イネ品種間の遺伝子DNA変異の解析
植物遺伝育種学研究室での
DNA変異解析による育種技術の開発について
(2014.7.1 更新)
育種においては、望ましい遺伝子型の個体や系統を選ぶ「選抜」が最も重要な過程です。しかし、成分特性や耐病性など表現型では選抜しにくい特性があるため、それら特性に関わる遺伝子の望ましい対立遺伝子を持つものがDNA 分析で選抜できれば、育種が効率的に行えるだけでなく、遺伝子情報に基づいたより科学的な育種が可能となります。望ましい対立遺伝子と望ましくない対立遺伝子とは一塩基の違いしかないことがあるため、DNA 分析を育種に利用するには、一塩基多型(Single nucleotide polymorphism, SNP)が簡易に低コストで分析できることが必要です。そのため当研究室では、SNP の低コスト簡易分析技術の開発を行ってきました。
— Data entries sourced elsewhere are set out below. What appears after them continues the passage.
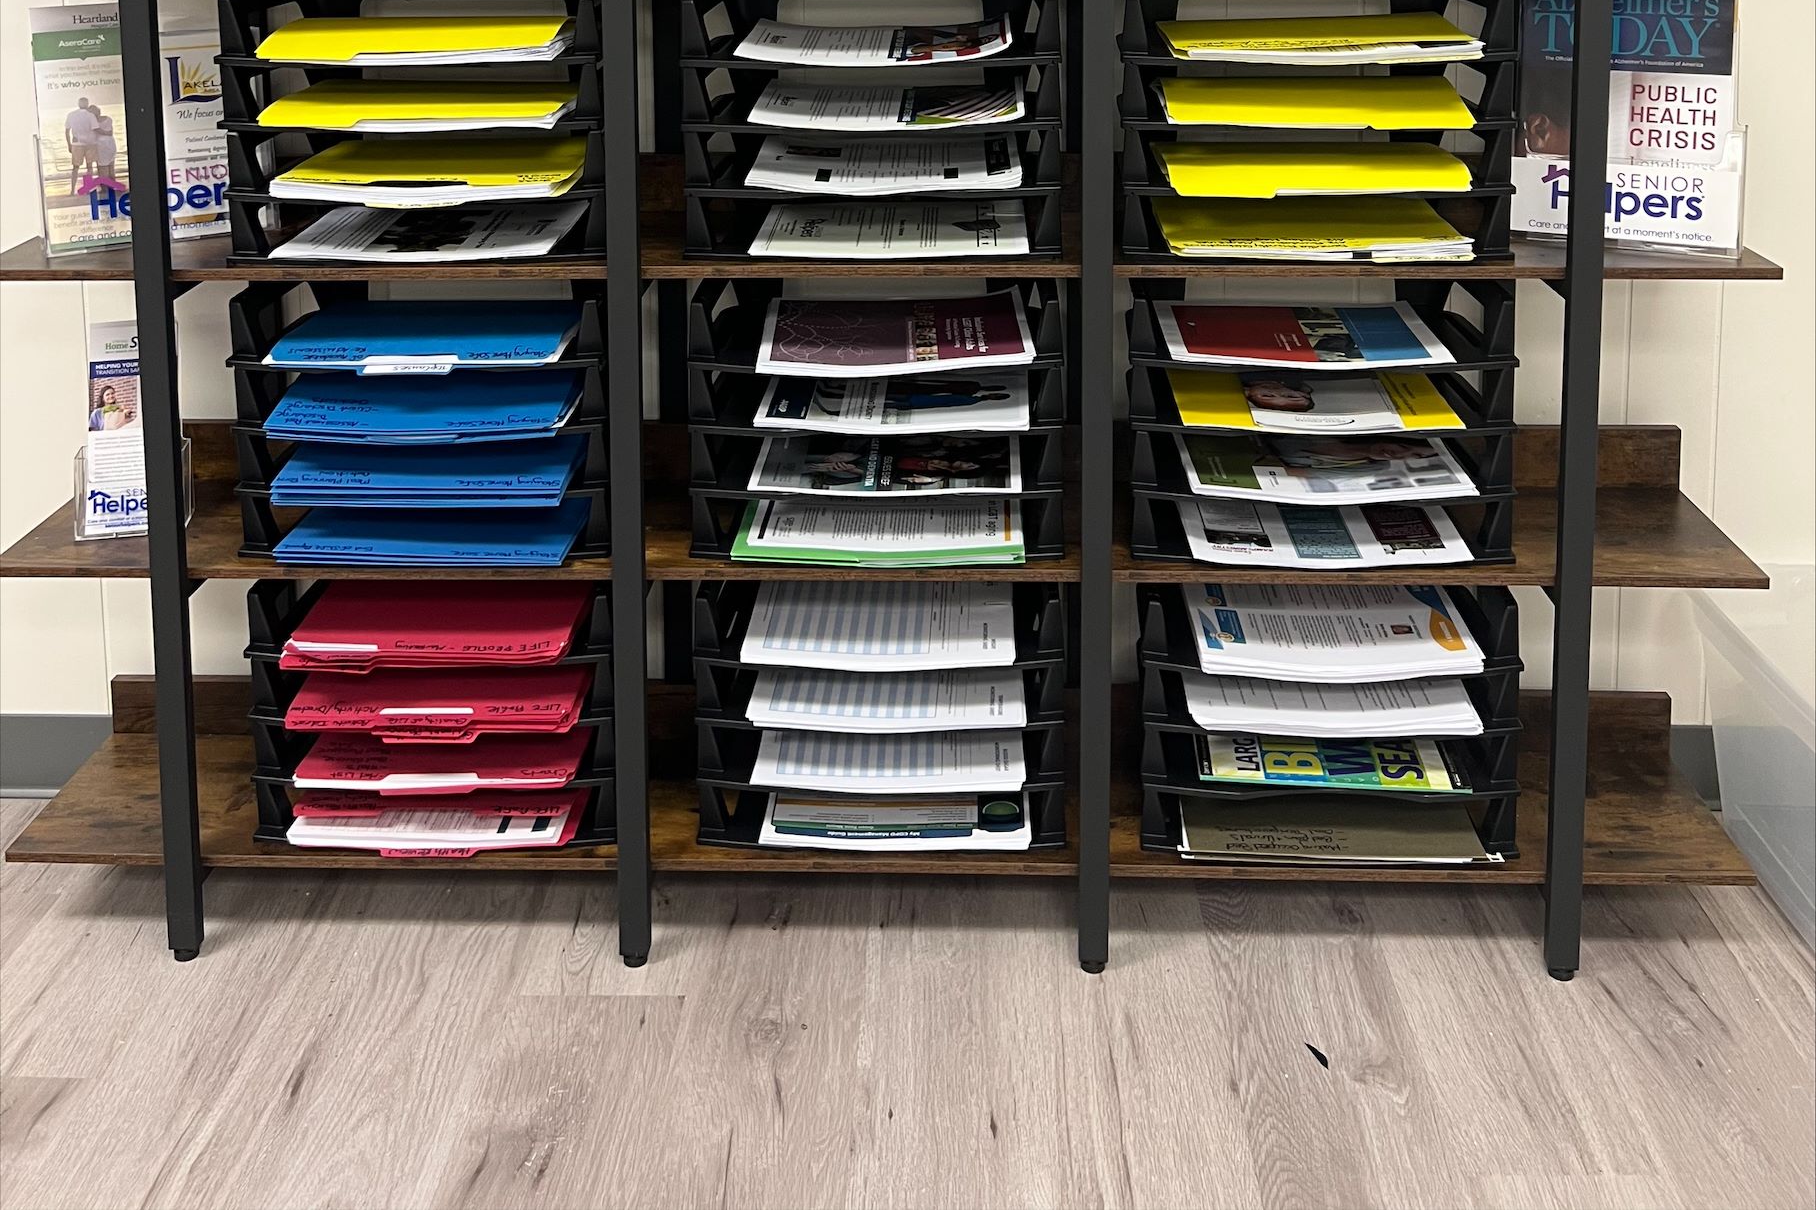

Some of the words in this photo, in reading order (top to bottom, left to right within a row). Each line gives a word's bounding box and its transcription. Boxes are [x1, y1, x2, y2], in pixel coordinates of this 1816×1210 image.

[73, 12, 119, 25] Heartland
[1532, 11, 1719, 59] TDAY
[58, 37, 102, 48] AseraCare
[1614, 58, 1644, 67] Alzheimer's
[1645, 59, 1674, 67] Foundation
[47, 80, 60, 90] It's
[60, 79, 81, 89] who
[82, 79, 99, 89] you
[99, 77, 121, 86] have
[1632, 84, 1718, 104] PUBLIC
[177, 108, 193, 120] We
[194, 108, 215, 122] focus
[1630, 106, 1717, 127] HEALTH
[1629, 128, 1716, 151] CRISIS
[1616, 172, 1704, 194] SENIOR
[1528, 219, 1551, 229] Care
[69, 232, 96, 243] Care
[98, 230, 116, 240] and
[1611, 225, 1622, 236] at
[1624, 227, 1631, 236] a
[1633, 227, 1680, 239] moment's
[1681, 231, 1713, 243] notice.
[105, 342, 128, 350] Home
[95, 368, 130, 376] TRANSITION
[864, 461, 877, 487] DEMENTIA
[984, 520, 998, 537] aging
[462, 644, 513, 652] PROFILE
[519, 640, 551, 651] LIFE
[532, 703, 562, 711] LIFE
[384, 717, 410, 725] Life
[388, 848, 432, 857] Review
[436, 847, 471, 857] Health
多数あるSNP 分析法の中で、当研究室で開発しましたドットブロットSNP 法は、低コストで一度に多数個体の分析が可能であることから、育種の現場でも利用できるものと期待しています。
1. 未同定SNP を検出するための電気泳動法を利用した方法の改良
目的とする遺伝子の中のどの塩基に変異(多型)があるか不明な場合は、塩基配列を決定してSNP を同定しますが、塩基配列決定にはコストがかかります。電気泳動法を利用すれば、低コストで多数試料の遺伝子について変異の有無を分析できます。
最初に用いた方法は日本人により開発されたSSCP(single strand conformation polymorphism)法ですが、小さなDNA 断片(500 塩基以下)の変異しか検出できず、断片内での変異の位置によっては差が検出できないことがありました。そこで、PCR(polymerase chain reaction)で増幅した2,000 塩基対程度のDNA 断片を複数の四塩基認識制限酵素で切断し、SSCP 分析する方法(PCR-RF-SSCP 分析法)に切り替えたところ、効率よくSNP を見つけることが可能になりました。この方法でモチ性突然変異体のwx遺伝子を分析し、その原因となる一塩基多型を数多く見つけ出すことに成功しました (Sato & Nishio 2003 Theor Appl Genet 107, 560-567)。またこの方法を用いて、イネの多数の品種の遺伝子DNA 変異を見出しました(Shirasawa et al. 2004 DNA Res 11, 275-283)。
セロリから抽出した酵素を用いて二本鎖DNA のミスマッチ部位を切断して電気泳動分析し、SNP がその断片中にあるかどうか分析する方法は、化学変異剤で突然変異誘発した集団からDNA 分析で突然変異体を選抜する方法(TILLING 法と呼ばれる)として利用されています。当研究室では、アブラナ科野菜のミズナから抽出した酵素を用いた一塩基多型分析に改変し、ガンマ線照射により人為的に誘発した突然変異体の逆遺伝学的な選抜が可能になりました(Sato et al. 2006 Breeding Sci 56, 179-183)。